> Work order: Transcribe the following entries word for word; no picture is to appear in the copy.

Phrase grounding data:

+++

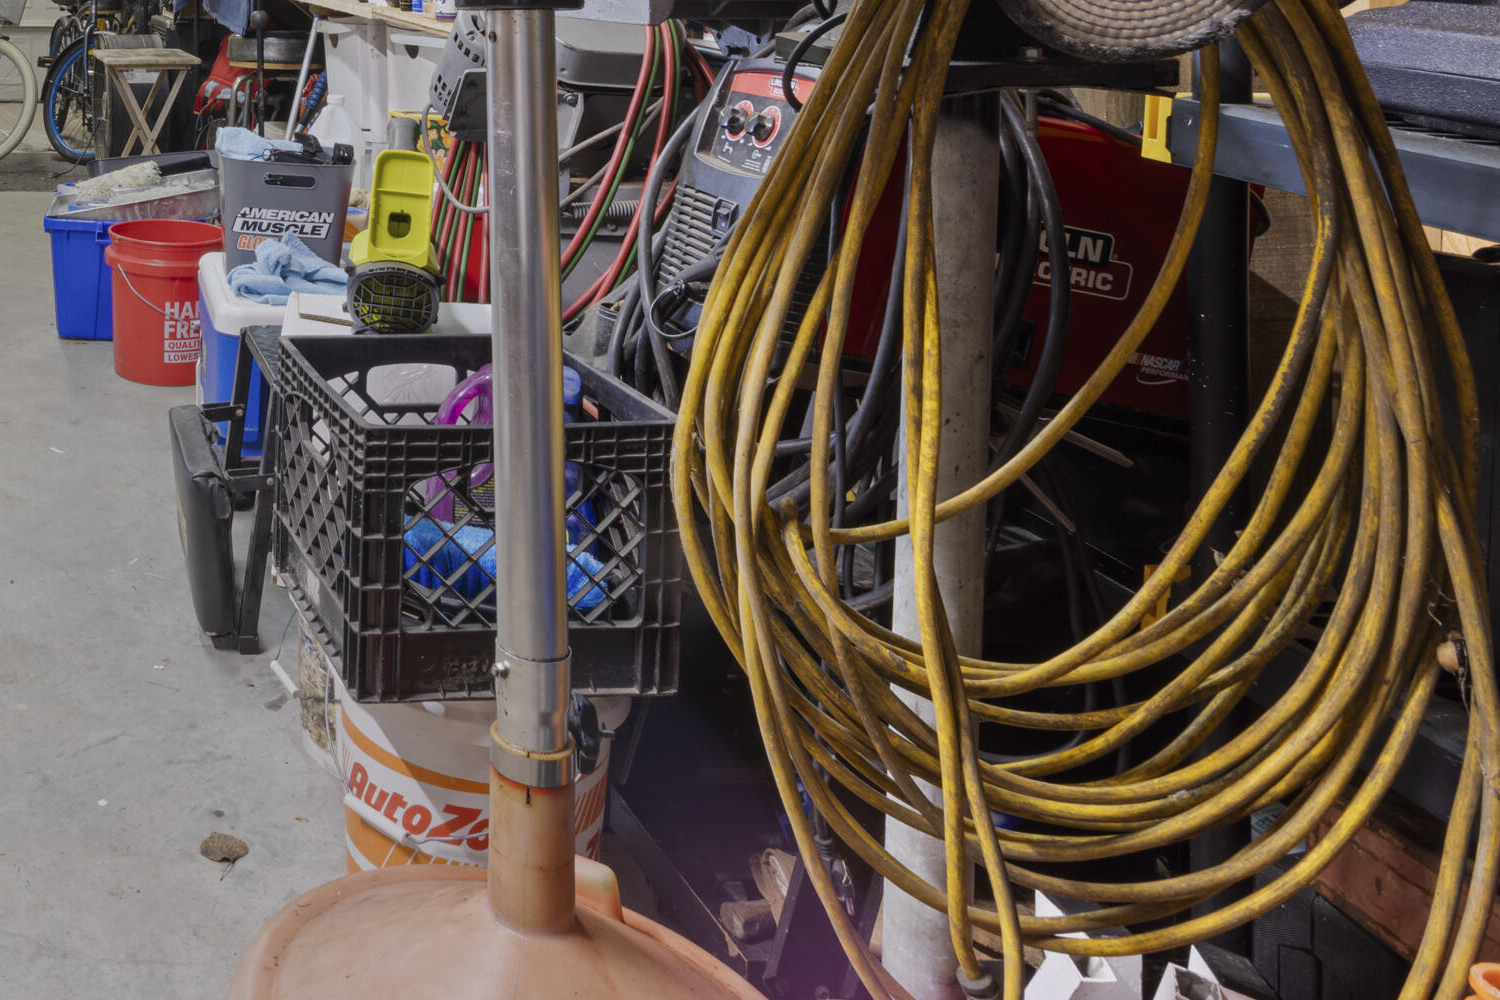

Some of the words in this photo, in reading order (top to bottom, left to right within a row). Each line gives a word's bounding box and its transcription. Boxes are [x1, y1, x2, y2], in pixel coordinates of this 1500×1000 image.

[237, 207, 335, 224] AMERICAN
[240, 220, 325, 236] MUSCLE
[168, 352, 200, 362] LOWES
[1140, 354, 1182, 371] NASCAR
[1140, 367, 1189, 381] PERFORMAN
[349, 761, 489, 851] AutoZo
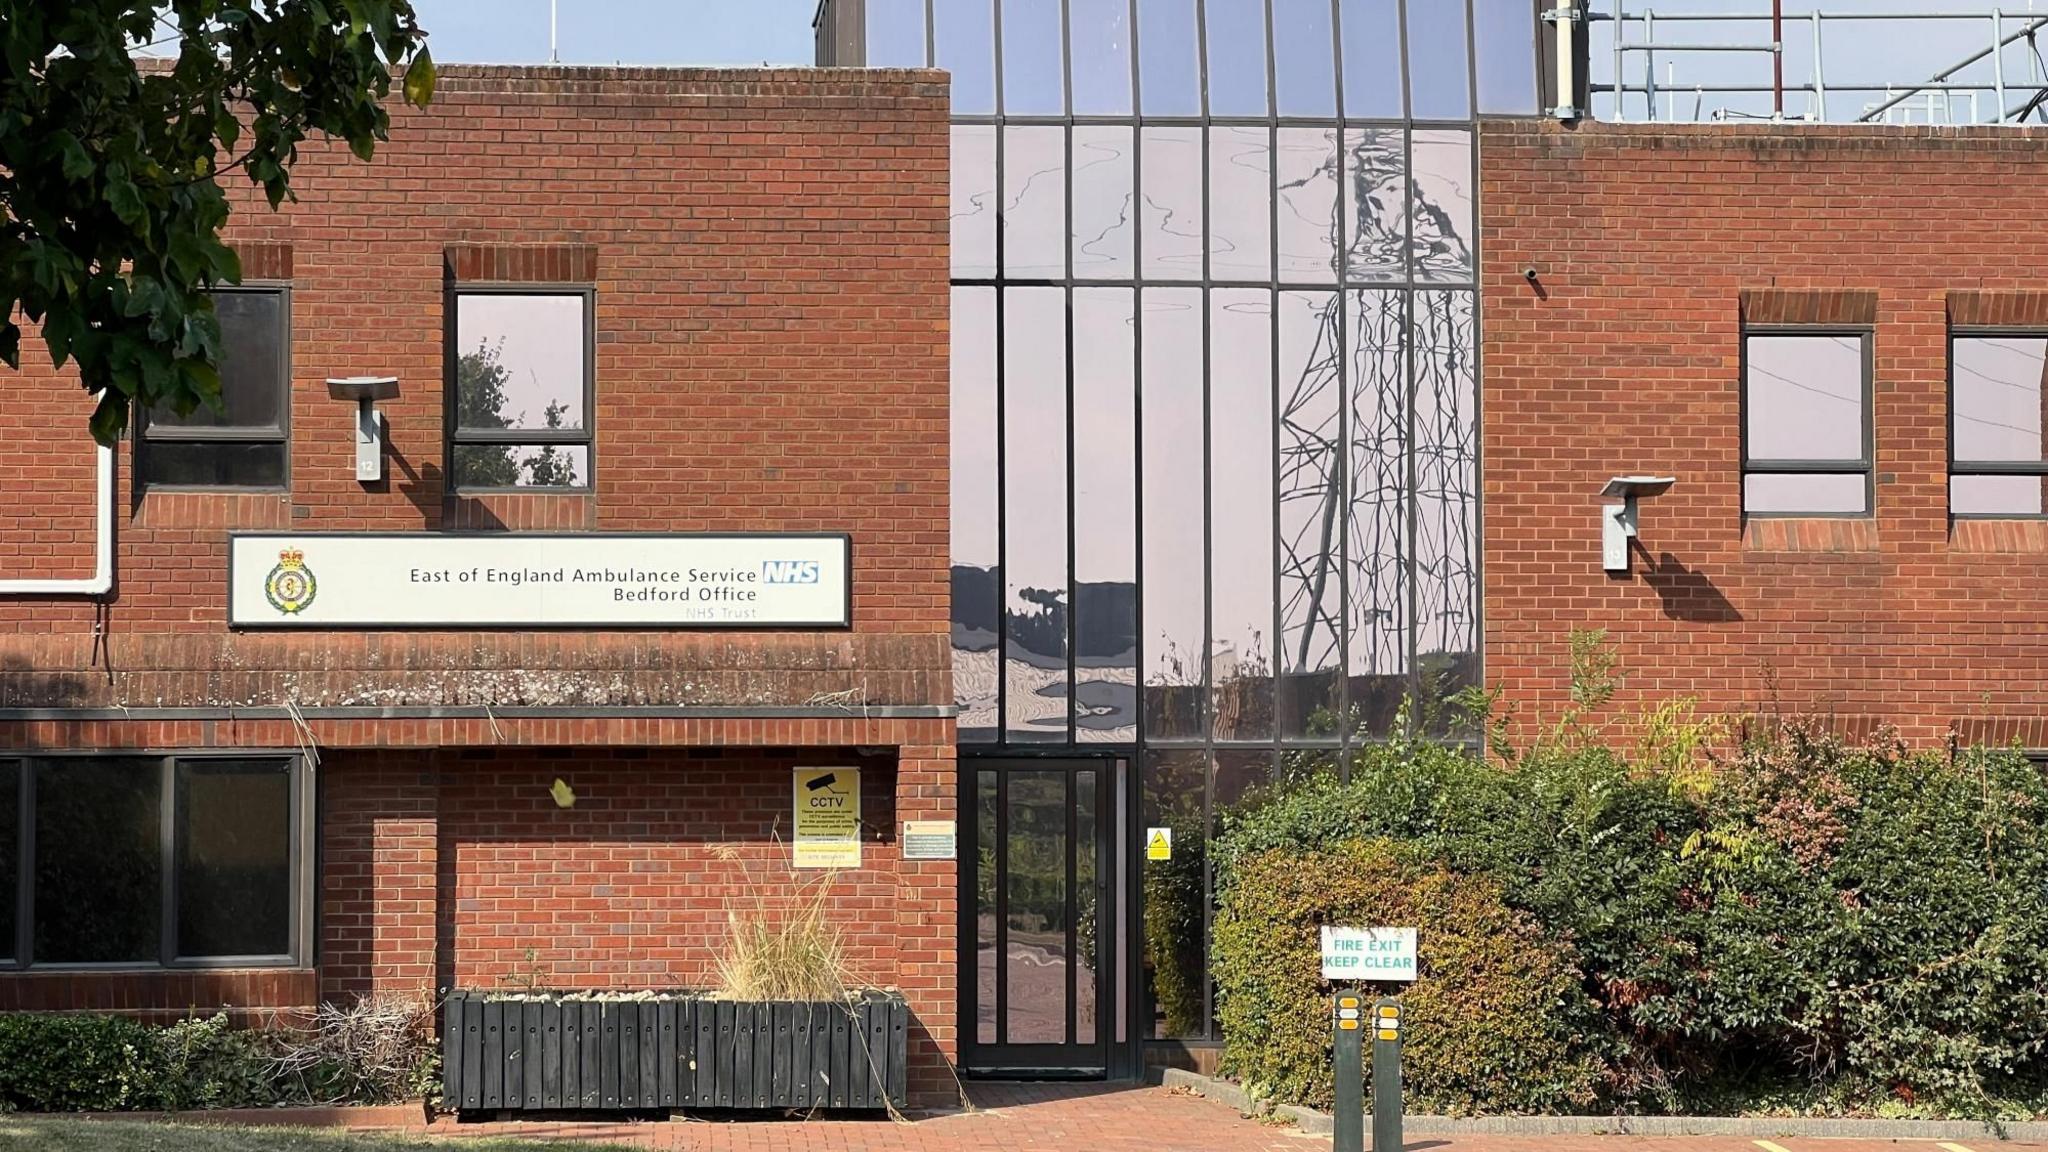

+++

> Answer section:
Some of the words in this photo, in reading order (top to bottom, left to right within a row). Each line gives a word's bounding box and its transcription. Boxes are [x1, y1, x2, y2], in pixel coordinates of this 1500×1000 image.

[237, 207, 335, 224] AMERICAN
[240, 220, 325, 236] MUSCLE
[168, 352, 200, 362] LOWES
[1140, 354, 1182, 371] NASCAR
[1140, 367, 1189, 381] PERFORMAN
[349, 761, 489, 851] AutoZo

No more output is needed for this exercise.